[Referring expression grounding data]
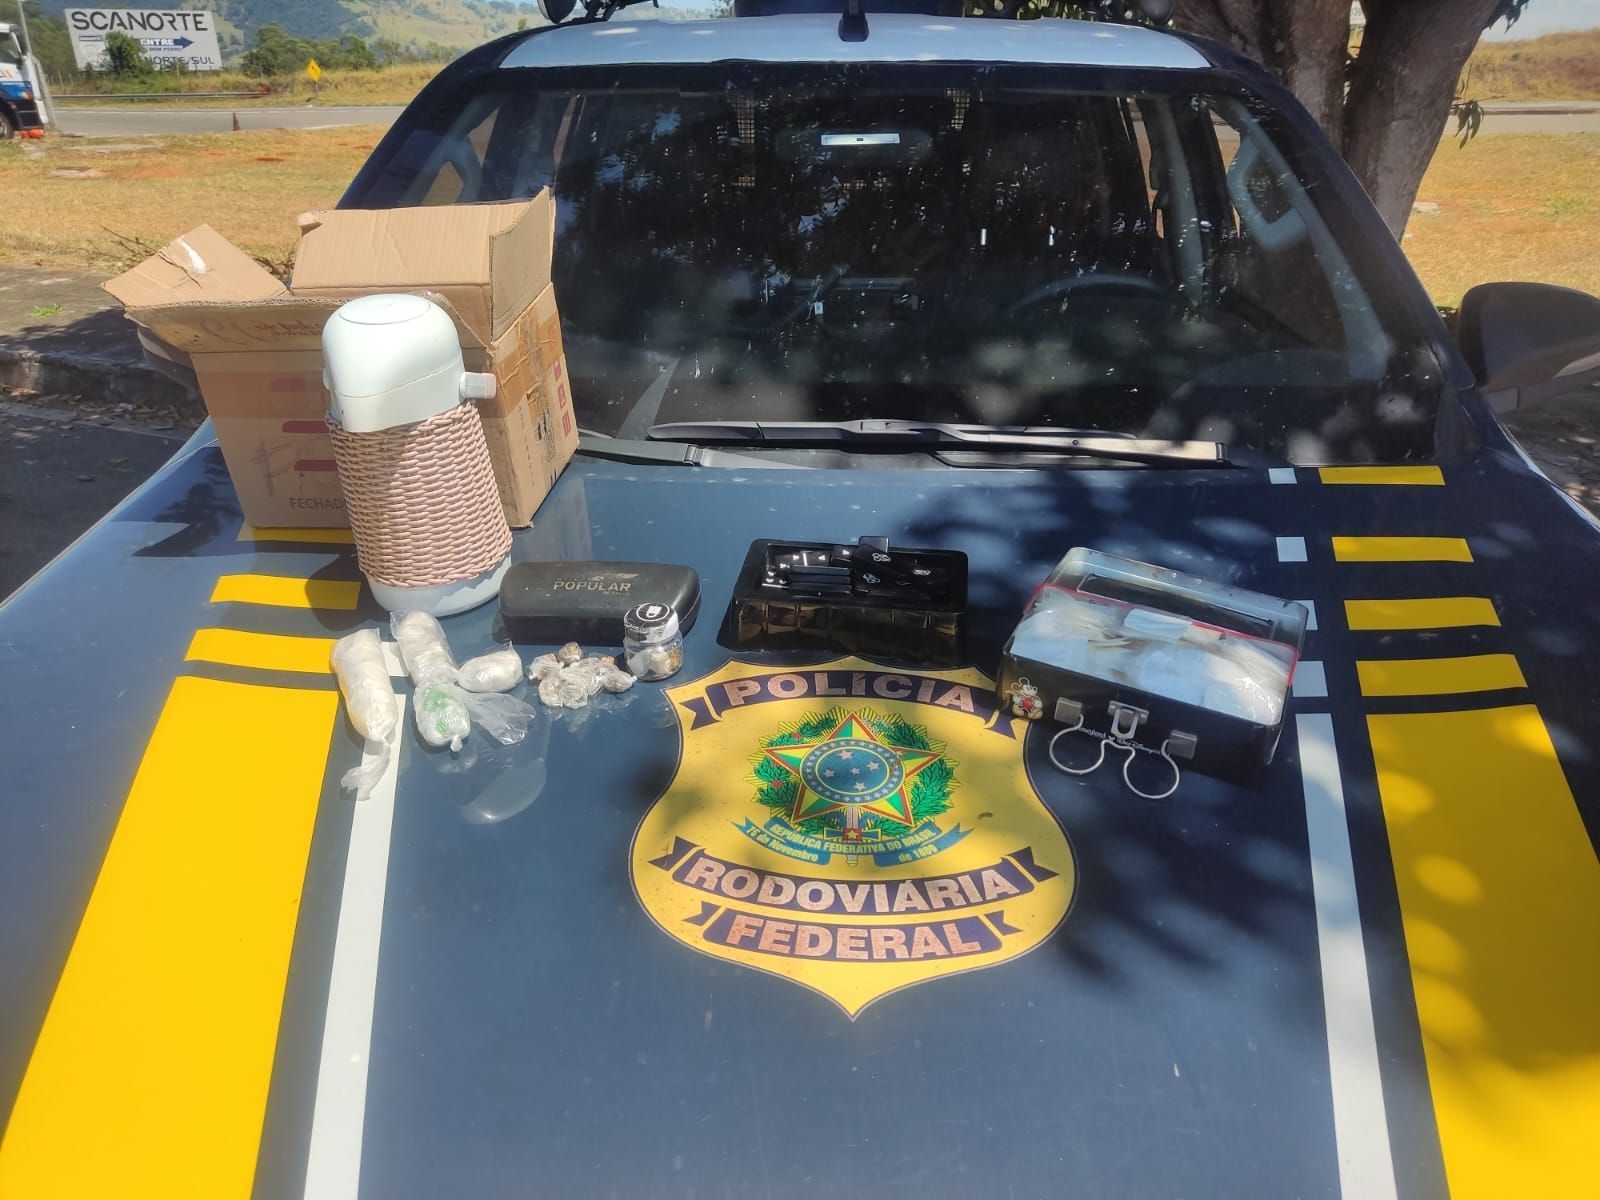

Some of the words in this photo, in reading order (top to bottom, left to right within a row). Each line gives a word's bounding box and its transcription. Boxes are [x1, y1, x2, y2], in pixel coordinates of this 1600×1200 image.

[71, 11, 208, 31] SCANORTE
[140, 38, 174, 46] ENTRE
[289, 497, 346, 511] FECHAD
[552, 580, 632, 592] POPULAR
[723, 672, 974, 712] POLÍCIA
[768, 839, 819, 863] Novembro
[823, 840, 885, 854] FEDERATIVA
[684, 857, 1019, 913] RODOVIÁRIA
[725, 915, 981, 960] FEDERAL
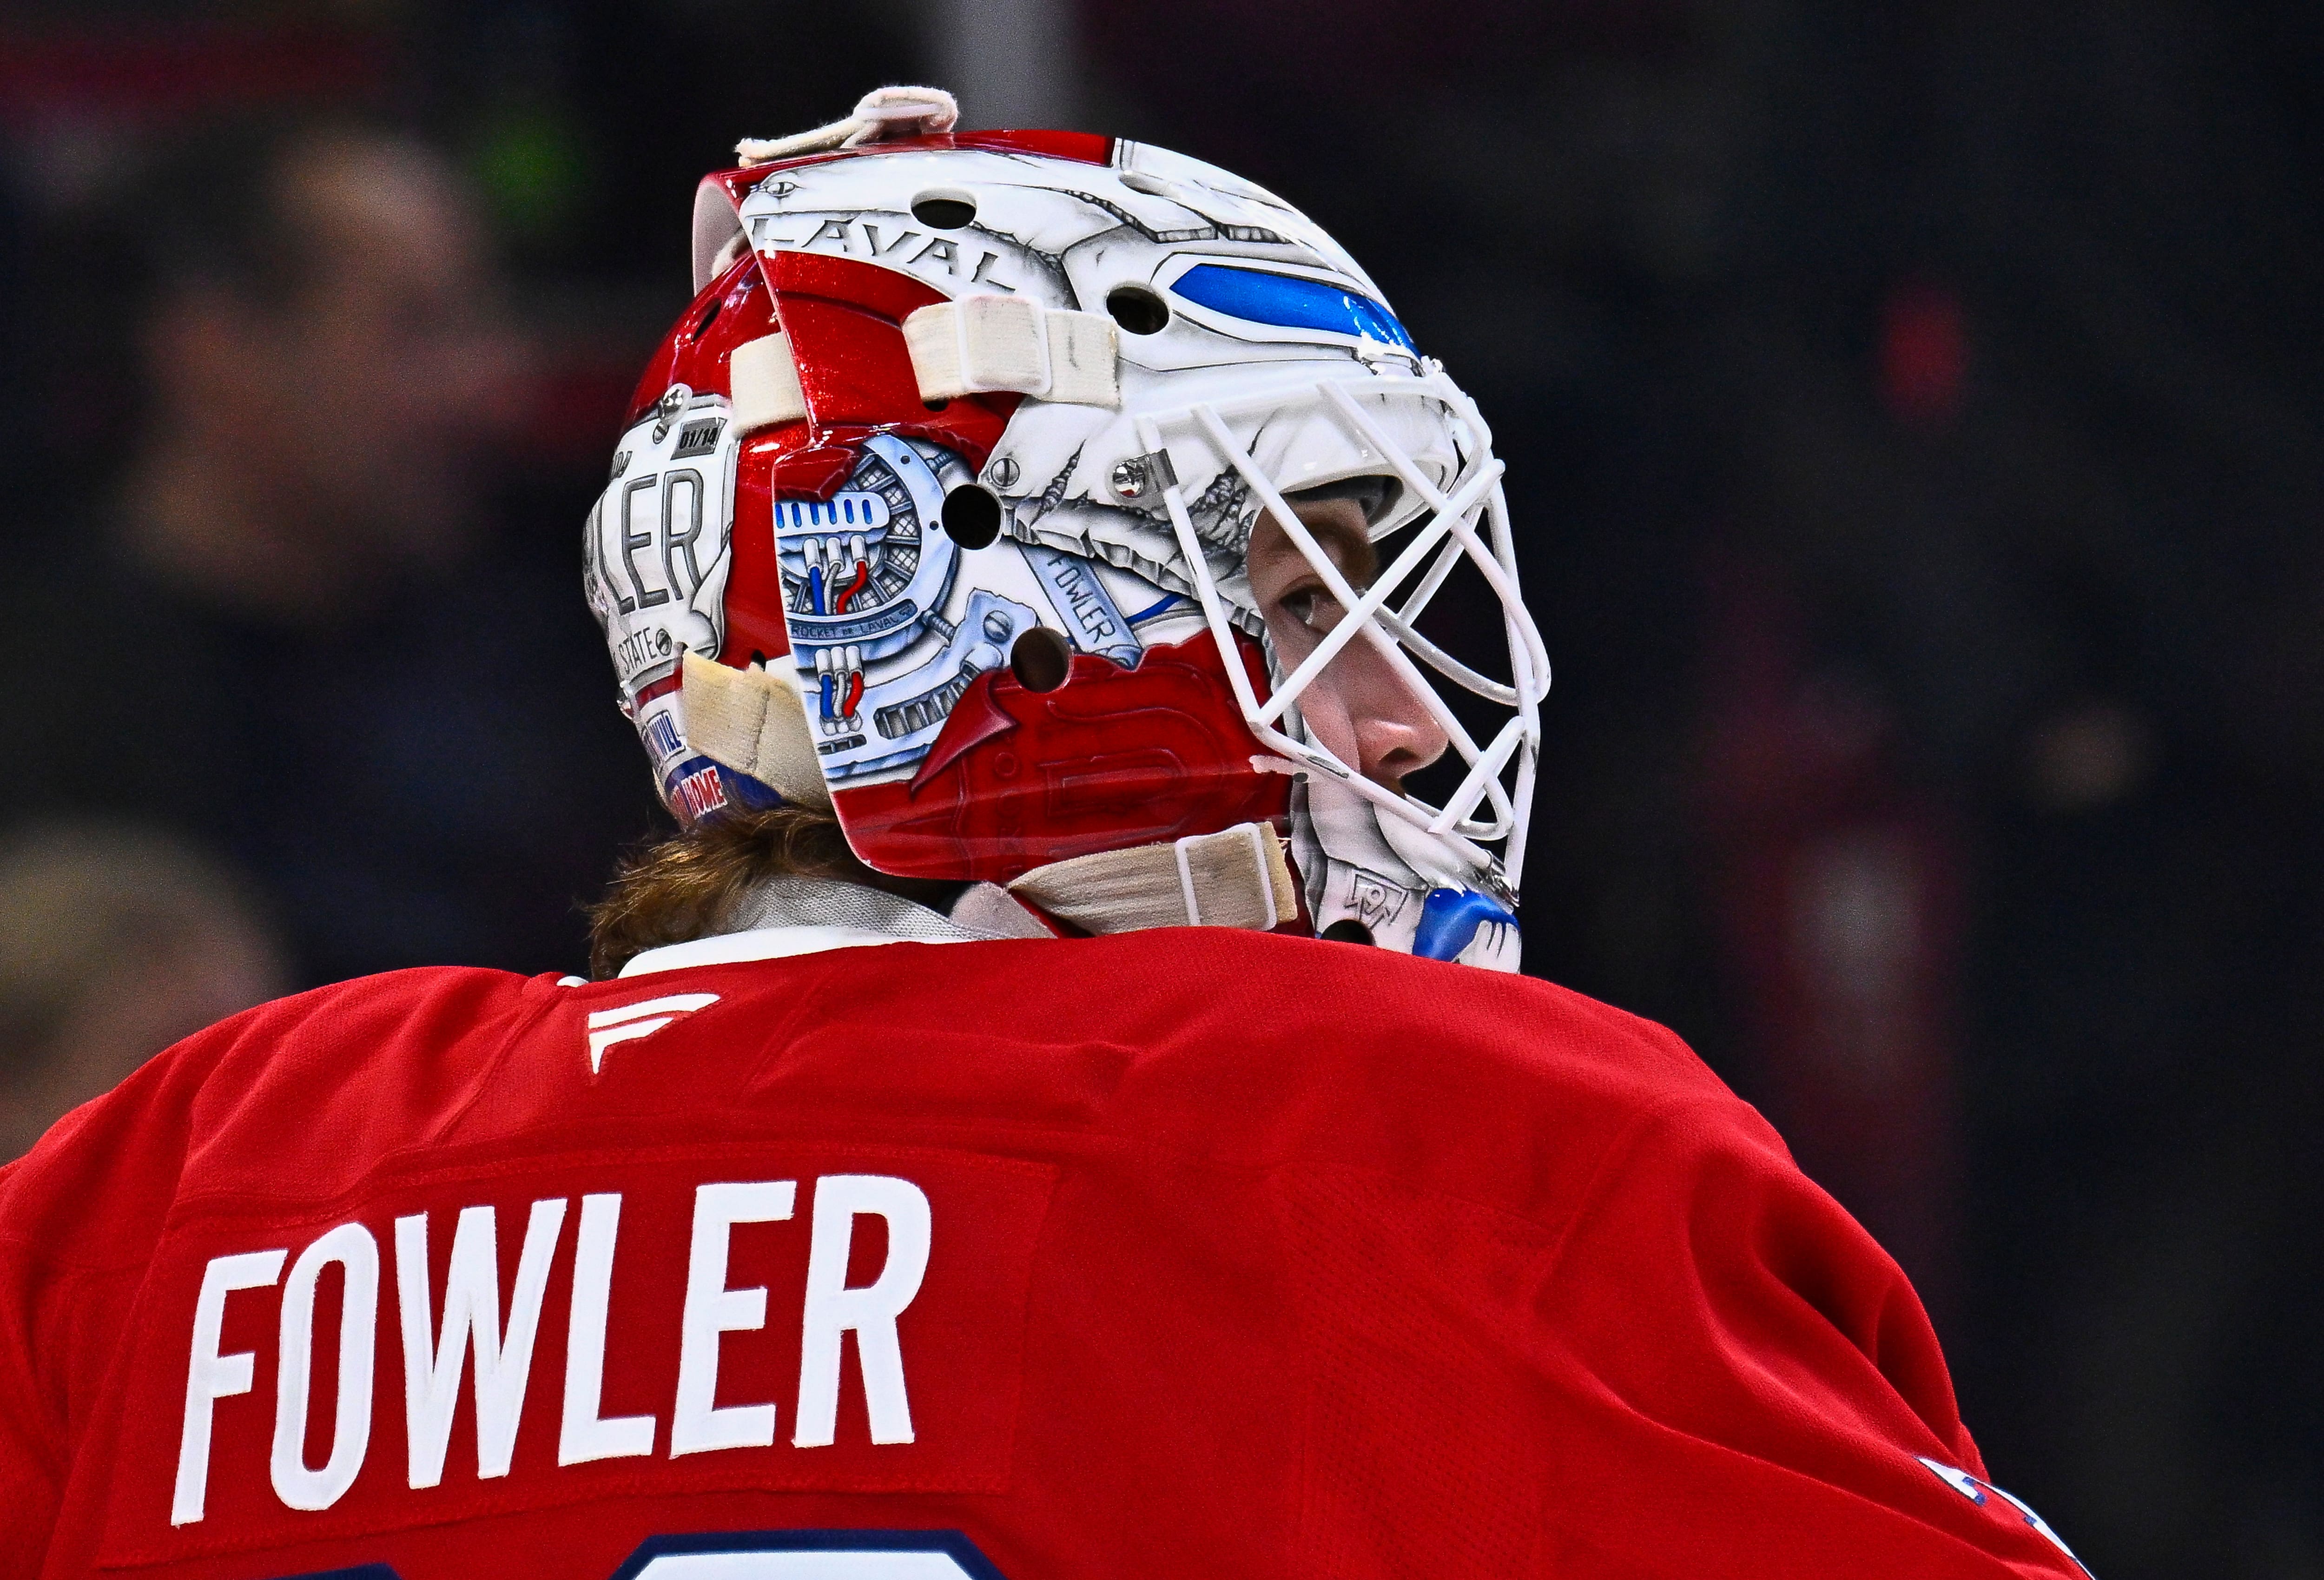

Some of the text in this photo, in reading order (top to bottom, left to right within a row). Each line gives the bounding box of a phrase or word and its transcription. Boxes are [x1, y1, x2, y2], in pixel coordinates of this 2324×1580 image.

__TASK DIRECTIONS__. I need the entries printed exactly, with each picture left out.

__EXPECTED OUTPUT__.
Some of the words in this photo, in reading order (top to bottom, left to right within a row). Each line gives a word's bounding box and its transcription. Boxes are [x1, y1, x2, y2], in pixel coordinates of this 1600×1200 image.

[71, 11, 208, 31] SCANORTE
[140, 38, 174, 46] ENTRE
[289, 497, 346, 511] FECHAD
[552, 580, 632, 592] POPULAR
[723, 672, 974, 712] POLÍCIA
[768, 839, 819, 863] Novembro
[823, 840, 885, 854] FEDERATIVA
[684, 857, 1019, 913] RODOVIÁRIA
[725, 915, 981, 960] FEDERAL

Some of the text in this photo, in reading order (top to bottom, left to right within a row). Each line gives the bounding box of a phrase or word and its transcription. Boxes are [x1, y1, x2, y2], in pixel coordinates of this 2324×1580 image.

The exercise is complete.